Entries taken from a collection:
· · · ·
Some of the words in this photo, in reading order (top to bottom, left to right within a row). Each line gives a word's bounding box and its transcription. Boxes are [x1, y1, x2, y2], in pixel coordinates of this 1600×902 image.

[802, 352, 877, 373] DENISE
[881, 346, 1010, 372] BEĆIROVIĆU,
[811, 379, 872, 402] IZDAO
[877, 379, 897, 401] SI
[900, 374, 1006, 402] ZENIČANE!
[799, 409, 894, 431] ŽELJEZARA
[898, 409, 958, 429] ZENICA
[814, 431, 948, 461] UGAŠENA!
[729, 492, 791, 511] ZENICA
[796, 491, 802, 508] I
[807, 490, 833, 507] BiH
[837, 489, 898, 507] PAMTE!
· · · ·
Return the records above verbatim, in their entirety.

## Task result
Some of the words in this photo, in reading order (top to bottom, left to right within a row). Each line gives a word's bounding box and its transcription. Boxes are [x1, y1, x2, y2], in pixel coordinates of this 1600×902 image.

[802, 352, 877, 373] DENISE
[881, 346, 1010, 372] BEĆIROVIĆU,
[811, 379, 872, 402] IZDAO
[877, 379, 897, 401] SI
[900, 374, 1006, 402] ZENIČANE!
[799, 409, 894, 431] ŽELJEZARA
[898, 409, 958, 429] ZENICA
[814, 431, 948, 461] UGAŠENA!
[729, 492, 791, 511] ZENICA
[796, 491, 802, 508] I
[807, 490, 833, 507] BiH
[837, 489, 898, 507] PAMTE!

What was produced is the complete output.